Saturday, May 11, 2019

Catching up

Two days to report on!

On Thursday, I decided to walk down to the Fondation Cartier for l'Art Contemporain.  Here is a play area that I walked past on my way:



And here is a view as I crossed over to the Left Bank.



I got caught in an unexpected downpour and had to take refuge in a Starbucks (not pictured).  Then continued my walk, only to discover I was walking into an enormous protest march. Of course. It mostly took place while I was in the museum, though.



The museum had a special presentation by Radioh Europa, two artists who drove (and are still driving) around Europe collecting love songs from people.  They broadcast live a bunch of the songs.  The main show was a bunch of emerging European artists who were allowed to do sort of whatever they wanted.

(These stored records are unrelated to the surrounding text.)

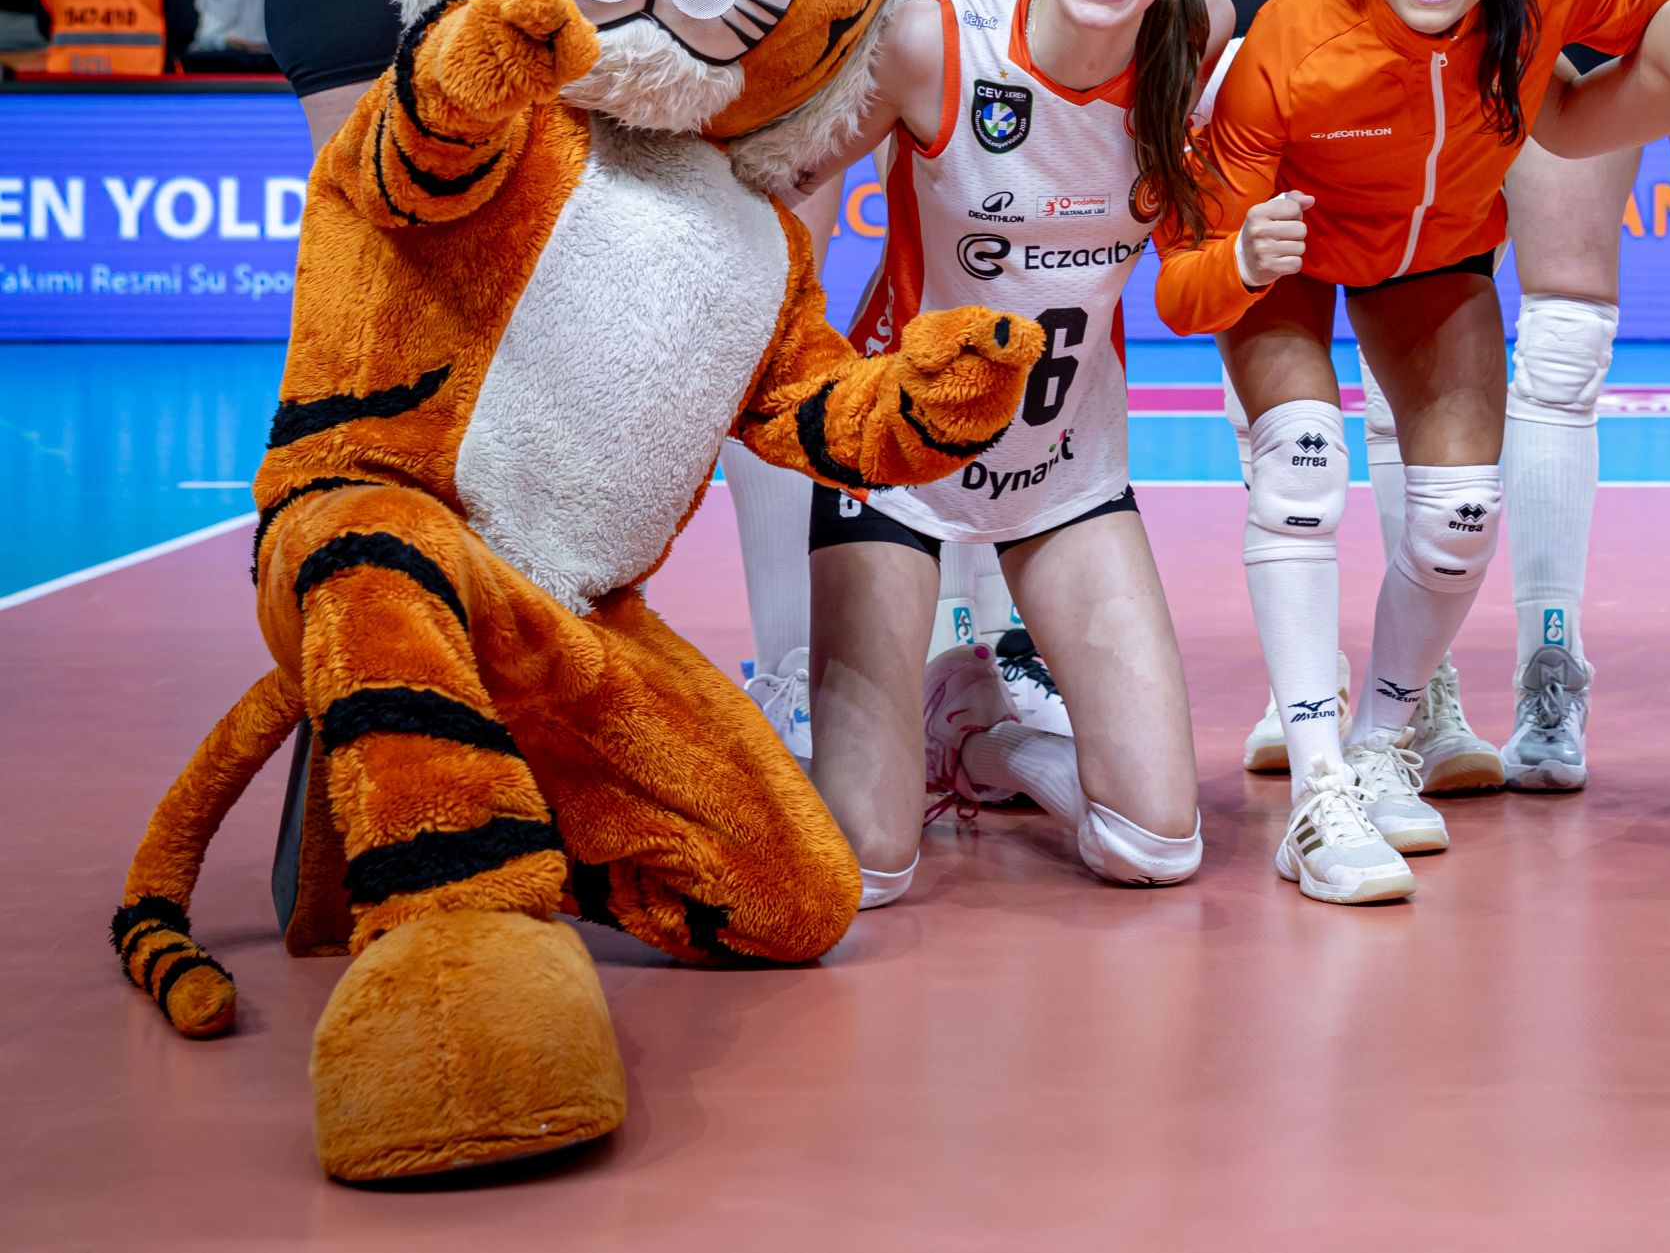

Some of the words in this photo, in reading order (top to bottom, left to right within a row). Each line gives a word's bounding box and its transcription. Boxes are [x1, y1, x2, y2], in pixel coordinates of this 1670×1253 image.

[977, 86, 1003, 99] CEV
[1327, 128, 1392, 140] DECATHLON
[969, 210, 1025, 223] DECATHLON
[0, 263, 84, 295] akımı
[91, 263, 182, 295] Resmi
[189, 263, 226, 294] Su
[1022, 307, 1088, 427] 6
[1292, 455, 1327, 467] errea
[1449, 520, 1484, 532] errea

The next day I went back up to Canal St-Martin, where I drank coffee, walked up to an arts center that had some interesting graffiti, walked around some more, looked at some stores, had tea, and then went to meet my friend David at the train station.  He came from Berlin to visit for the weekend. We had coffee in a place that was setting up for the first meal of Ramadan.  And then we went out for couscous.











Fondation Cartier pour l'Art ContemporainFon
Fondation Cartier pour l'Art Contemporain
Fondation Cartier pour l'Art Contemporain

2 comments:

Lurker said...

Play area? looks like sculpture.
Always fascinates me to see older european street scenes, with buildings right up to the very narrow streets. So unlike what I am used to seeing. I wonder what brought that about.

another protest? is this a normal Parisian feature, or does it have to do with a current political issue?

Scrubber said...

I think it's a play area that is made to be also appreciated as sculpture.

I've been taking a lot of images of narrow streets (which are fine when you don't have cars/carriages). Haussmann tore down a lot of things in the late 1800s so there are also some quite wide boulevards.

I think protests are fairly normal, but there has been a particular amount of unrest in the last maybe 6 months. Mostly economic issues.